A variety of methods have been developed to determine the mechanical properties of walled cells (Milani et al., 2013 ). In general, these measurements are challenging and often require creative approaches to suit the particular cell type. Fission yeast offers certain technical advantages for studying cellular mechanics. The simple rod shape greatly facilitates the measurement of cellular dimensions and growth rates. Experiments on turgor pressure are often complicated by cellular adaptations to changes in turgor pressure; in fission yeast, this adaptive response, which involves synthesis of glycerol that gradually restores turgor pressure, can be largely abrogated by mutating a glycerol synthesis gene, gpd1 (Minc et al., 2009 ). Cell geometry can be controlled in fission yeast through genetic perturbations, as well as by physical manipulation with microfabricated devices (Terenna et al., 2008 ; Minc et al., 2009 ; Piel and Tran, 2009 ; Zhou et al., 2015b ).

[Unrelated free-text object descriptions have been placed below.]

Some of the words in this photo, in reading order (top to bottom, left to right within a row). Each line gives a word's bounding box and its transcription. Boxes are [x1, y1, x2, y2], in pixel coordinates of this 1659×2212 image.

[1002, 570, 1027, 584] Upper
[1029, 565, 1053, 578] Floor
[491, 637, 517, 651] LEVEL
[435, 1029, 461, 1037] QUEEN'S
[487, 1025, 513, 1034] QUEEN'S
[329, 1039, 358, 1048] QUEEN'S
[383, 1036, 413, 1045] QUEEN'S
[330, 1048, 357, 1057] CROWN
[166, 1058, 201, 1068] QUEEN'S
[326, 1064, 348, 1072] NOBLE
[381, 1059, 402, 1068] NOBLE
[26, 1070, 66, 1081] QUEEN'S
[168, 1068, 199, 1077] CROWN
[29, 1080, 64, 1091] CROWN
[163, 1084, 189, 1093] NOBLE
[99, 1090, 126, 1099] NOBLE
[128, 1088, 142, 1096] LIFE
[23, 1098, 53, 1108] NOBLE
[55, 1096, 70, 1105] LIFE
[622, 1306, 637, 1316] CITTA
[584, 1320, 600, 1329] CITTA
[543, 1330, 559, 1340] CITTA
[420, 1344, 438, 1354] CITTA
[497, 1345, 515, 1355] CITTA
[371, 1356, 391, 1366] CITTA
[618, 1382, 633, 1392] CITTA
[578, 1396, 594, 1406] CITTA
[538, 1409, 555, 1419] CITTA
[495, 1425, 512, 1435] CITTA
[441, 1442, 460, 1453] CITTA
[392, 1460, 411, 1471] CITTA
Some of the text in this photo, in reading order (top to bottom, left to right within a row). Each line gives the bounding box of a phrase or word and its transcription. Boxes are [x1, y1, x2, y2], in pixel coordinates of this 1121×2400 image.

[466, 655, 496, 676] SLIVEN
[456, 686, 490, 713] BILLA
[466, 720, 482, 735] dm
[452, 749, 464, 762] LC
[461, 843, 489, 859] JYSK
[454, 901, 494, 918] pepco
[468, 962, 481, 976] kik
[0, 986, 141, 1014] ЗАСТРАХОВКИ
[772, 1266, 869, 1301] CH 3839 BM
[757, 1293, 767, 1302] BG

In fission yeast, we have employed multiple approaches that have yielded consistent estimates of mechanical parameters. Our simplest approach has been to measure the dimensions of S. pombe cells when turgor pressure is reduced by breaking the cell or adding sorbitol to the medium (Atilgan et al., 2015 ). When the cell is broken, for instance, by a laser shot to the cell surface, it rapidly deflates 17% in width and 9% in length, indicating that turgor pressure normally inflates the cell wall by >50% by volume (Figure 3, A and B). The finding that cell wall stretches twofold more in width than in length is also significant. For a cylindrical thin shell, the stress (force per unit area) around the cell circumference is two times greater than the stress along the longitudinal axis; this twofold ratio in expansion thus suggests that the cell wall is an isotropic material that stretches uniformly in all directions (for a fuller discussion, see Chang and Huang, 2014 ). We also measured how much cells shrink in response to a range of sorbitol concentrations. Dose–response curves indicated that at 1.5 M external molarity, cells shrink to the dimensions of the relaxed state of the cell walls. These results, coupled with theoretical modeling, led to an estimate of internal pressure of ~1.5 MPa, which yields a Young’s elastic modulus of ~50 MPa.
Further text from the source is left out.